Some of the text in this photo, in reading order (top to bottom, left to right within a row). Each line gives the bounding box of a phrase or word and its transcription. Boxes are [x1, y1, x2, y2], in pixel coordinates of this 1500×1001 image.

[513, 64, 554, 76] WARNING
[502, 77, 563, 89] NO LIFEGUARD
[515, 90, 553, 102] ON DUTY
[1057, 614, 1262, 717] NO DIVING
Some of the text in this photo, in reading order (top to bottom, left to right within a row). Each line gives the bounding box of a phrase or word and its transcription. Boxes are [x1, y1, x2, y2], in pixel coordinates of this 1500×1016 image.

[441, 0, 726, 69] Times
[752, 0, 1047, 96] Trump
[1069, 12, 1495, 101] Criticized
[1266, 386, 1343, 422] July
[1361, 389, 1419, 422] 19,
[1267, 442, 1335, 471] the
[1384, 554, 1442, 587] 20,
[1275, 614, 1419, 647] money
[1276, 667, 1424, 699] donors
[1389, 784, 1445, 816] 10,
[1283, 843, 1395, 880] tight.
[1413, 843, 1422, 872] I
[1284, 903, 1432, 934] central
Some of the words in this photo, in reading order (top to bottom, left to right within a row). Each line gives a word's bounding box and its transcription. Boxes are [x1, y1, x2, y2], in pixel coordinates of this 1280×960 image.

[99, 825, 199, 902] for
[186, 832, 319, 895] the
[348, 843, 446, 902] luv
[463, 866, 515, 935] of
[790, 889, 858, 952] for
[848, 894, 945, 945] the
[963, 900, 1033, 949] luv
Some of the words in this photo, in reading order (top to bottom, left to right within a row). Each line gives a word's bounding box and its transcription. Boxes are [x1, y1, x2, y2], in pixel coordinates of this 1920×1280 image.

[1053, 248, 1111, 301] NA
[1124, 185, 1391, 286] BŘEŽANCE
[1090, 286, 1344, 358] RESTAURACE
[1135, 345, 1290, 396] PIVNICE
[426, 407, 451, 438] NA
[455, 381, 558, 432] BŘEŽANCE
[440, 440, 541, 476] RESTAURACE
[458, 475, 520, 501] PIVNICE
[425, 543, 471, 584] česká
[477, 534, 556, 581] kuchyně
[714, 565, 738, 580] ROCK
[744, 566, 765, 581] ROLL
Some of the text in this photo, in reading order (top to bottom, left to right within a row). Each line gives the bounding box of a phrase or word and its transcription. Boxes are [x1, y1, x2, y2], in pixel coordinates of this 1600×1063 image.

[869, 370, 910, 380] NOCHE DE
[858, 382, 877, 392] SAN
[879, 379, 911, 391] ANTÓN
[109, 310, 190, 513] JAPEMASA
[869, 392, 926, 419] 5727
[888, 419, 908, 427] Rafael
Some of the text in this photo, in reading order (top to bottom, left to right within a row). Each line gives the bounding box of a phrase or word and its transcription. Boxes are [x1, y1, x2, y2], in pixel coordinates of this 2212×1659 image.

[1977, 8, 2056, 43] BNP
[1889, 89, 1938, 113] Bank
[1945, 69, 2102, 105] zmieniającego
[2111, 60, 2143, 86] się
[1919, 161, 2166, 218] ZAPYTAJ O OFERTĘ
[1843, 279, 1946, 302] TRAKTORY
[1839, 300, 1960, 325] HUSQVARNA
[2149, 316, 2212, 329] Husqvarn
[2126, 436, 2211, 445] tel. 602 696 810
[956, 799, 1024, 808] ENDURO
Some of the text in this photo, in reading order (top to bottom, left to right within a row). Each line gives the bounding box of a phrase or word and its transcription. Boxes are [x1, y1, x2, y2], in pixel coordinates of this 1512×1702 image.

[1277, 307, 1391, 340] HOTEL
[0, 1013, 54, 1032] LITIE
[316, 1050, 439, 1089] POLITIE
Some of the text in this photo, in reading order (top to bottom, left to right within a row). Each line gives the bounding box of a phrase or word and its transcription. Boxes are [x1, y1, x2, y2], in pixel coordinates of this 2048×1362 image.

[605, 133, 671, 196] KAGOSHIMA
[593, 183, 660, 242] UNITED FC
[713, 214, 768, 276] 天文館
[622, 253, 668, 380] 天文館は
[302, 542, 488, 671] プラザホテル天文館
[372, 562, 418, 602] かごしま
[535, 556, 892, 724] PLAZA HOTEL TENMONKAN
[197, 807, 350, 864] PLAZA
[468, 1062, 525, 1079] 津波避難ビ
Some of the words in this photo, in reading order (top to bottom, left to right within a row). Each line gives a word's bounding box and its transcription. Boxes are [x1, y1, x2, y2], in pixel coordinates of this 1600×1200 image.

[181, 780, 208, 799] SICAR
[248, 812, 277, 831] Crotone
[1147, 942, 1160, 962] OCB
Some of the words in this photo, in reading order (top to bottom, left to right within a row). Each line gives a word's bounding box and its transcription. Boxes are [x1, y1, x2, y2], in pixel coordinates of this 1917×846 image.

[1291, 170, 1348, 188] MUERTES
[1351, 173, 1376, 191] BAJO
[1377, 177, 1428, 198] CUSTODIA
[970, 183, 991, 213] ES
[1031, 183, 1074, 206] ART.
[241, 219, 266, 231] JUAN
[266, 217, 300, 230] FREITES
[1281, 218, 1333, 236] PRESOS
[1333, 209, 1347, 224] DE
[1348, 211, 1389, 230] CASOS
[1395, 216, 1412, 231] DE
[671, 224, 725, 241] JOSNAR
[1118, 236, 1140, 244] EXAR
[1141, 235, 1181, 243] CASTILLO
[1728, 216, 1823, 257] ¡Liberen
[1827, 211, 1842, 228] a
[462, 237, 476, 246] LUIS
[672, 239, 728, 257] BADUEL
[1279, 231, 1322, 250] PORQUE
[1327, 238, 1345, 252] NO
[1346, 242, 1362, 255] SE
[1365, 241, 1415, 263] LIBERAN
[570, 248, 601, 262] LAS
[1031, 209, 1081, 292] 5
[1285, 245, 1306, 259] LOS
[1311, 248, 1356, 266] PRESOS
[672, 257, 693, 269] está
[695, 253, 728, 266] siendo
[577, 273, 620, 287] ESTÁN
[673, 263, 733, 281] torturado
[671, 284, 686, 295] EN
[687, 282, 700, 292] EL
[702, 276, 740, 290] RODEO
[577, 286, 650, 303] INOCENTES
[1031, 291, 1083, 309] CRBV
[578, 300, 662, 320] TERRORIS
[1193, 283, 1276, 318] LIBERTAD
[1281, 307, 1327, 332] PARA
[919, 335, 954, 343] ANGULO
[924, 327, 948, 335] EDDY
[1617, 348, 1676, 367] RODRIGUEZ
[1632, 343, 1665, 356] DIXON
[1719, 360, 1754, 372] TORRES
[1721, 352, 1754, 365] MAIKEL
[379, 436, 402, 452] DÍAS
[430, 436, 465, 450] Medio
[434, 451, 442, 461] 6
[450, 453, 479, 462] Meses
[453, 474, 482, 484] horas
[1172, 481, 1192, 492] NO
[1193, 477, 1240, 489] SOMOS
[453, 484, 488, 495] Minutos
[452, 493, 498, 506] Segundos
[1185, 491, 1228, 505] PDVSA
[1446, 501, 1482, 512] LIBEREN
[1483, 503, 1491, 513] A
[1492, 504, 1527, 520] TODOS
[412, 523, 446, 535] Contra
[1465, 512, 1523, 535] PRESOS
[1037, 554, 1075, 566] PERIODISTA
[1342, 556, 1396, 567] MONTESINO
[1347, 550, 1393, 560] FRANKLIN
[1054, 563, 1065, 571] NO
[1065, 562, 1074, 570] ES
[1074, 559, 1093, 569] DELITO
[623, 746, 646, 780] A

——————————

THE TASK –
Write the data out again. Match it word for word.

RESULT FOR THIS EXERCISE –
Some of the text in this photo, in reading order (top to bottom, left to right within a row). Each line gives the bounding box of a phrase or word and its transcription. Boxes are [x1, y1, x2, y2], in pixel coordinates of this 1500×1001 image.

[513, 64, 554, 76] WARNING
[502, 77, 563, 89] NO LIFEGUARD
[515, 90, 553, 102] ON DUTY
[1057, 614, 1262, 717] NO DIVING
Some of the text in this photo, in reading order (top to bottom, left to right within a row). Each line gives the bounding box of a phrase or word and its transcription. Boxes are [x1, y1, x2, y2], in pixel coordinates of this 1500×1016 image.

[441, 0, 726, 69] Times
[752, 0, 1047, 96] Trump
[1069, 12, 1495, 101] Criticized
[1266, 386, 1343, 422] July
[1361, 389, 1419, 422] 19,
[1267, 442, 1335, 471] the
[1384, 554, 1442, 587] 20,
[1275, 614, 1419, 647] money
[1276, 667, 1424, 699] donors
[1389, 784, 1445, 816] 10,
[1283, 843, 1395, 880] tight.
[1413, 843, 1422, 872] I
[1284, 903, 1432, 934] central
Some of the words in this photo, in reading order (top to bottom, left to right within a row). Each line gives a word's bounding box and its transcription. Boxes are [x1, y1, x2, y2], in pixel coordinates of this 1280×960 image.

[99, 825, 199, 902] for
[186, 832, 319, 895] the
[348, 843, 446, 902] luv
[463, 866, 515, 935] of
[790, 889, 858, 952] for
[848, 894, 945, 945] the
[963, 900, 1033, 949] luv
Some of the words in this photo, in reading order (top to bottom, left to right within a row). Each line gives a word's bounding box and its transcription. Boxes are [x1, y1, x2, y2], in pixel coordinates of this 1920×1280 image.

[1053, 248, 1111, 301] NA
[1124, 185, 1391, 286] BŘEŽANCE
[1090, 286, 1344, 358] RESTAURACE
[1135, 345, 1290, 396] PIVNICE
[426, 407, 451, 438] NA
[455, 381, 558, 432] BŘEŽANCE
[440, 440, 541, 476] RESTAURACE
[458, 475, 520, 501] PIVNICE
[425, 543, 471, 584] česká
[477, 534, 556, 581] kuchyně
[714, 565, 738, 580] ROCK
[744, 566, 765, 581] ROLL
Some of the text in this photo, in reading order (top to bottom, left to right within a row). Each line gives the bounding box of a phrase or word and its transcription. Boxes are [x1, y1, x2, y2], in pixel coordinates of this 1600×1063 image.

[869, 370, 910, 380] NOCHE DE
[858, 382, 877, 392] SAN
[879, 379, 911, 391] ANTÓN
[109, 310, 190, 513] JAPEMASA
[869, 392, 926, 419] 5727
[888, 419, 908, 427] Rafael
Some of the text in this photo, in reading order (top to bottom, left to right within a row). Each line gives the bounding box of a phrase or word and its transcription. Boxes are [x1, y1, x2, y2], in pixel coordinates of this 2212×1659 image.

[1977, 8, 2056, 43] BNP
[1889, 89, 1938, 113] Bank
[1945, 69, 2102, 105] zmieniającego
[2111, 60, 2143, 86] się
[1919, 161, 2166, 218] ZAPYTAJ O OFERTĘ
[1843, 279, 1946, 302] TRAKTORY
[1839, 300, 1960, 325] HUSQVARNA
[2149, 316, 2212, 329] Husqvarn
[2126, 436, 2211, 445] tel. 602 696 810
[956, 799, 1024, 808] ENDURO
Some of the text in this photo, in reading order (top to bottom, left to right within a row). Each line gives the bounding box of a phrase or word and its transcription. Boxes are [x1, y1, x2, y2], in pixel coordinates of this 1512×1702 image.

[1277, 307, 1391, 340] HOTEL
[0, 1013, 54, 1032] LITIE
[316, 1050, 439, 1089] POLITIE
Some of the text in this photo, in reading order (top to bottom, left to right within a row). Each line gives the bounding box of a phrase or word and its transcription. Boxes are [x1, y1, x2, y2], in pixel coordinates of this 2048×1362 image.

[605, 133, 671, 196] KAGOSHIMA
[593, 183, 660, 242] UNITED FC
[713, 214, 768, 276] 天文館
[622, 253, 668, 380] 天文館は
[302, 542, 488, 671] プラザホテル天文館
[372, 562, 418, 602] かごしま
[535, 556, 892, 724] PLAZA HOTEL TENMONKAN
[197, 807, 350, 864] PLAZA
[468, 1062, 525, 1079] 津波避難ビ
Some of the words in this photo, in reading order (top to bottom, left to right within a row). Each line gives a word's bounding box and its transcription. Boxes are [x1, y1, x2, y2], in pixel coordinates of this 1600×1200 image.

[181, 780, 208, 799] SICAR
[248, 812, 277, 831] Crotone
[1147, 942, 1160, 962] OCB
Some of the words in this photo, in reading order (top to bottom, left to right within a row). Each line gives a word's bounding box and its transcription. Boxes are [x1, y1, x2, y2], in pixel coordinates of this 1917×846 image.

[1291, 170, 1348, 188] MUERTES
[1351, 173, 1376, 191] BAJO
[1377, 177, 1428, 198] CUSTODIA
[970, 183, 991, 213] ES
[1031, 183, 1074, 206] ART.
[241, 219, 266, 231] JUAN
[266, 217, 300, 230] FREITES
[1281, 218, 1333, 236] PRESOS
[1333, 209, 1347, 224] DE
[1348, 211, 1389, 230] CASOS
[1395, 216, 1412, 231] DE
[671, 224, 725, 241] JOSNAR
[1118, 236, 1140, 244] EXAR
[1141, 235, 1181, 243] CASTILLO
[1728, 216, 1823, 257] ¡Liberen
[1827, 211, 1842, 228] a
[462, 237, 476, 246] LUIS
[672, 239, 728, 257] BADUEL
[1279, 231, 1322, 250] PORQUE
[1327, 238, 1345, 252] NO
[1346, 242, 1362, 255] SE
[1365, 241, 1415, 263] LIBERAN
[570, 248, 601, 262] LAS
[1031, 209, 1081, 292] 5
[1285, 245, 1306, 259] LOS
[1311, 248, 1356, 266] PRESOS
[672, 257, 693, 269] está
[695, 253, 728, 266] siendo
[577, 273, 620, 287] ESTÁN
[673, 263, 733, 281] torturado
[671, 284, 686, 295] EN
[687, 282, 700, 292] EL
[702, 276, 740, 290] RODEO
[577, 286, 650, 303] INOCENTES
[1031, 291, 1083, 309] CRBV
[578, 300, 662, 320] TERRORIS
[1193, 283, 1276, 318] LIBERTAD
[1281, 307, 1327, 332] PARA
[919, 335, 954, 343] ANGULO
[924, 327, 948, 335] EDDY
[1617, 348, 1676, 367] RODRIGUEZ
[1632, 343, 1665, 356] DIXON
[1719, 360, 1754, 372] TORRES
[1721, 352, 1754, 365] MAIKEL
[379, 436, 402, 452] DÍAS
[430, 436, 465, 450] Medio
[434, 451, 442, 461] 6
[450, 453, 479, 462] Meses
[453, 474, 482, 484] horas
[1172, 481, 1192, 492] NO
[1193, 477, 1240, 489] SOMOS
[453, 484, 488, 495] Minutos
[452, 493, 498, 506] Segundos
[1185, 491, 1228, 505] PDVSA
[1446, 501, 1482, 512] LIBEREN
[1483, 503, 1491, 513] A
[1492, 504, 1527, 520] TODOS
[412, 523, 446, 535] Contra
[1465, 512, 1523, 535] PRESOS
[1037, 554, 1075, 566] PERIODISTA
[1342, 556, 1396, 567] MONTESINO
[1347, 550, 1393, 560] FRANKLIN
[1054, 563, 1065, 571] NO
[1065, 562, 1074, 570] ES
[1074, 559, 1093, 569] DELITO
[623, 746, 646, 780] A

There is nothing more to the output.